Timing and Sequence Requirements Defined for Embryonic Maintenance of Imprinted DNA Methylation at Rasgrf1

Rebecca Holmes,¹ Yanjie Chang,² and Paul D. Soloway^1,2*

Division of Nutritional Sciences, College of Agriculture and Life Sciences, Cornell University, Ithaca, New York 14853,¹ Roswell Park Cancer Institute, Buffalo, New York 14263²

Received 11 January 2006/ Returned for modification 13 February 2006/ Accepted 25 September 2006

Epigenetic programming is critical for normal development of mammalian embryos. Errors cause misexpression of genes and aberrant development (E. Li, C. Beard, and R. Jaenisch, Nature 366:362-365, 1993). Imprinted genes are important targets of epigenetic regulation, but little is known about how the epigenetic patterns are established in the parental germ lines and maintained in the embryo. Paternal allele-specific expression at the imprinted Rasgrf1 locus in mice is controlled by paternal allele-specific methylation at a differentially methylated domain (DMD). DMD methylation is in turn controlled by a direct repeat sequence immediately downstream of the DMD which is required for establishing Rasgrf1 methylation in the male germ line (B. J. Yoon et al., Nat.
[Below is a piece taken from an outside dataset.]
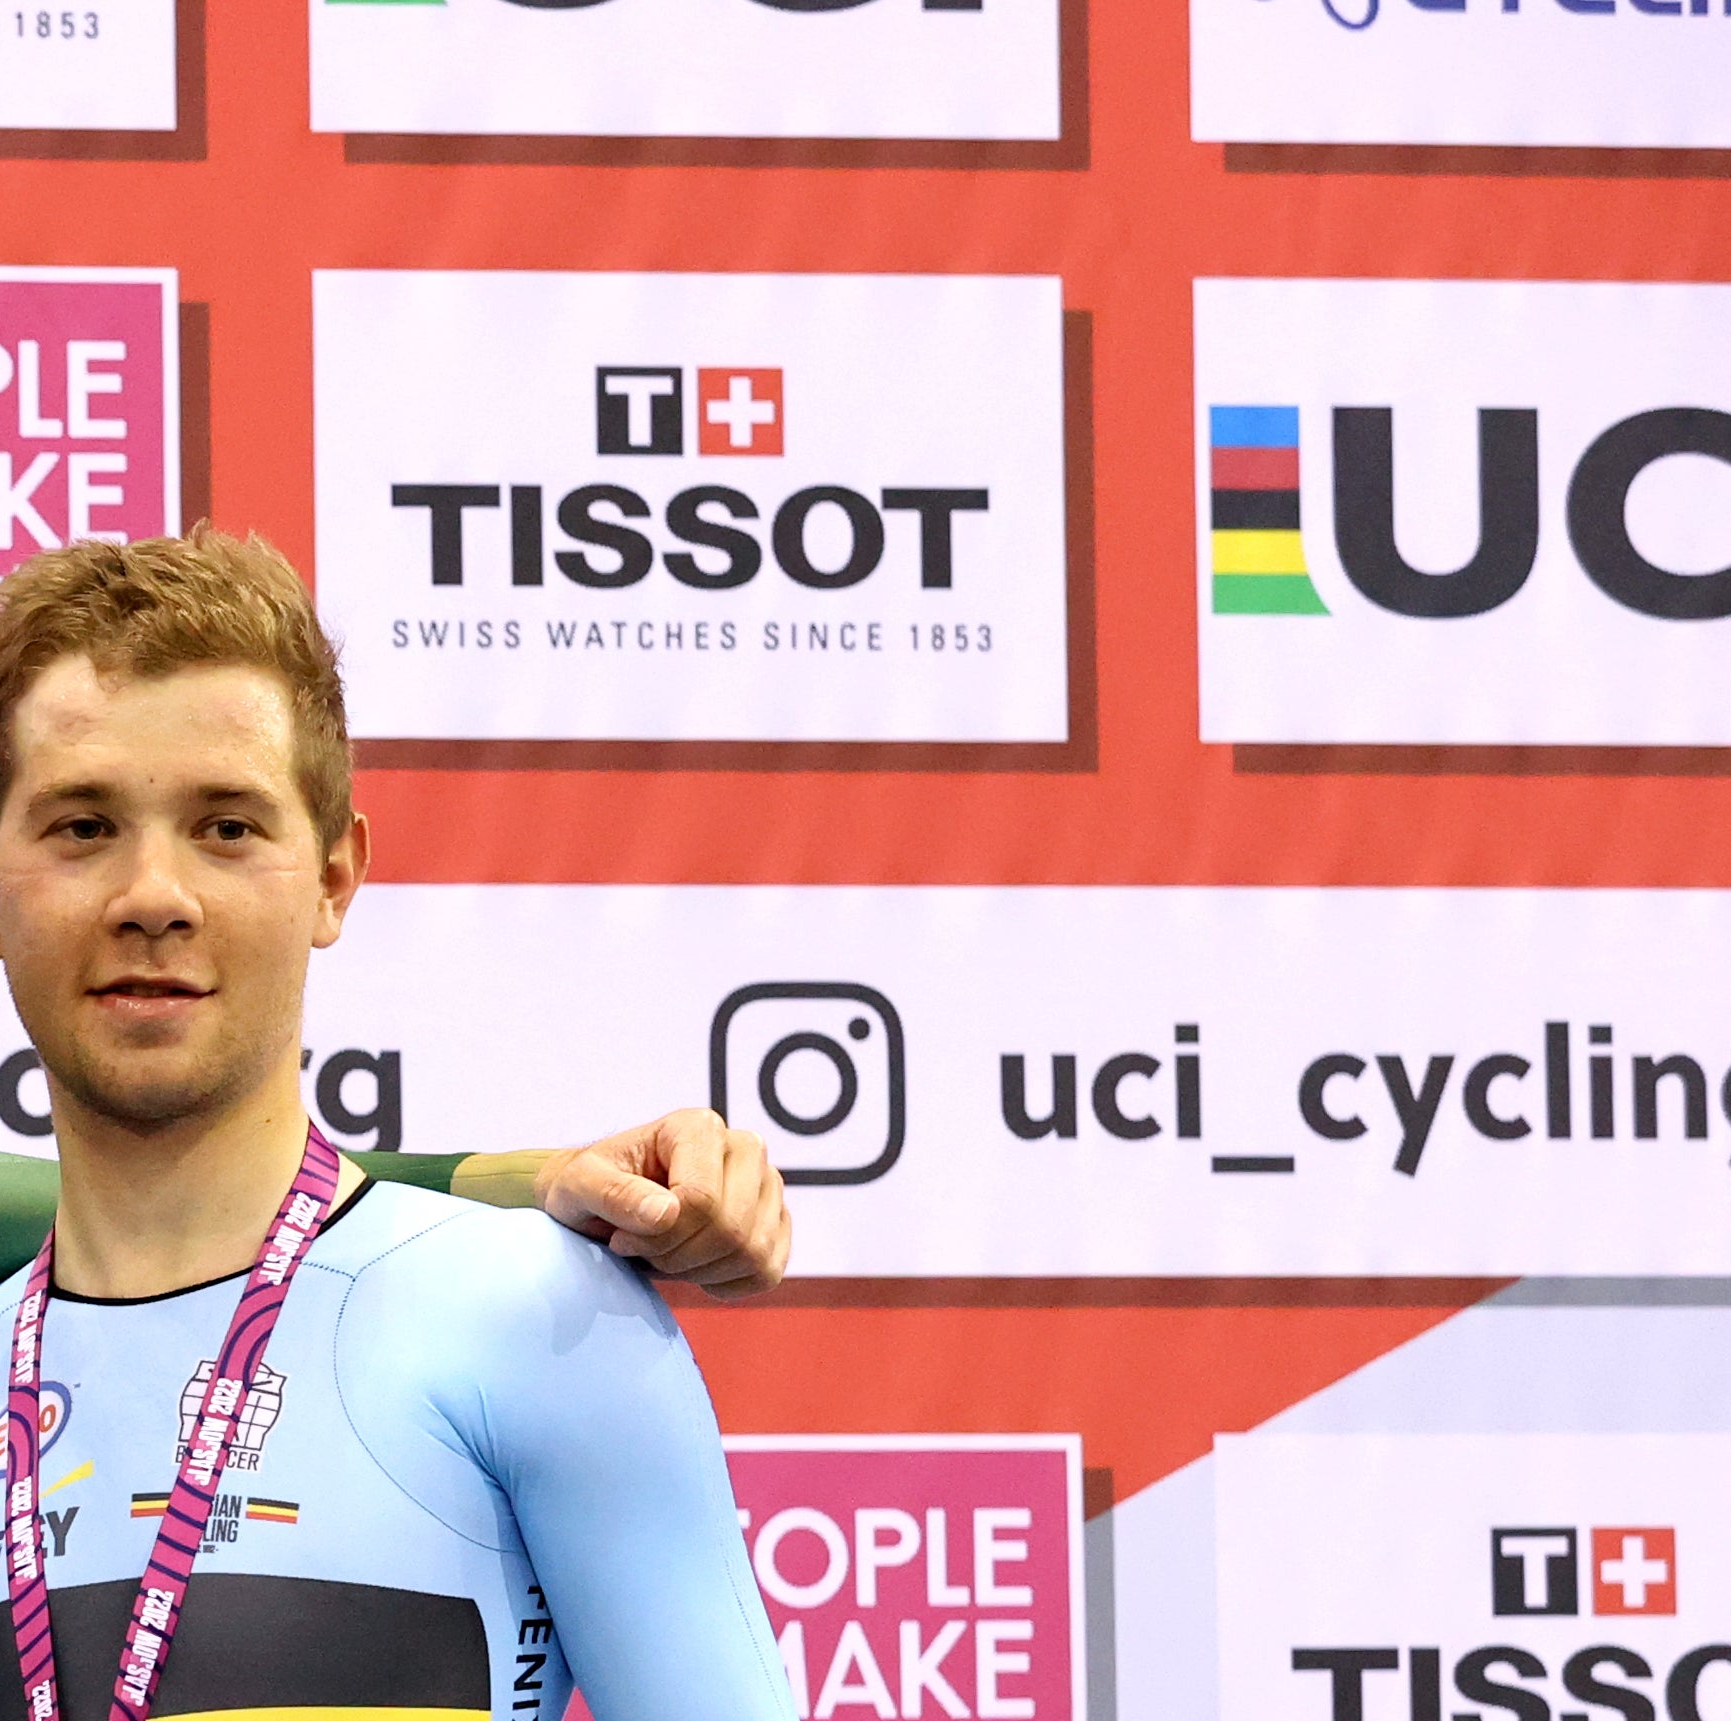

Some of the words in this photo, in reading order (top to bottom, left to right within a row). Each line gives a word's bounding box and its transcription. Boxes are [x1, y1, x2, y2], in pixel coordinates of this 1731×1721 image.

Genet. 30:92-96, 2002). To determine if these repeats have a role in methylation maintenance, we developed a conditional deletion of the repeat sequence in mice and showed that the repeats are also required during a narrow interval to maintain paternal methylation of Rasgrf1 in developing embryos. Removing the repeats upon fertilization caused a total loss of methylation by the morula stage, but by the epiblast stage, the repeats were completely dispensable for methylation maintenance. This developmental interval coincides with genome-wide demethylation and remethylation in mice which most imprinted genes resist. Our data show that the Rasgrf1 repeats serve at least two functions: first, to establish Rasgrf1 DNA methylation in the male germ line, and second, to resist global demethylation in the preimplantation embryo.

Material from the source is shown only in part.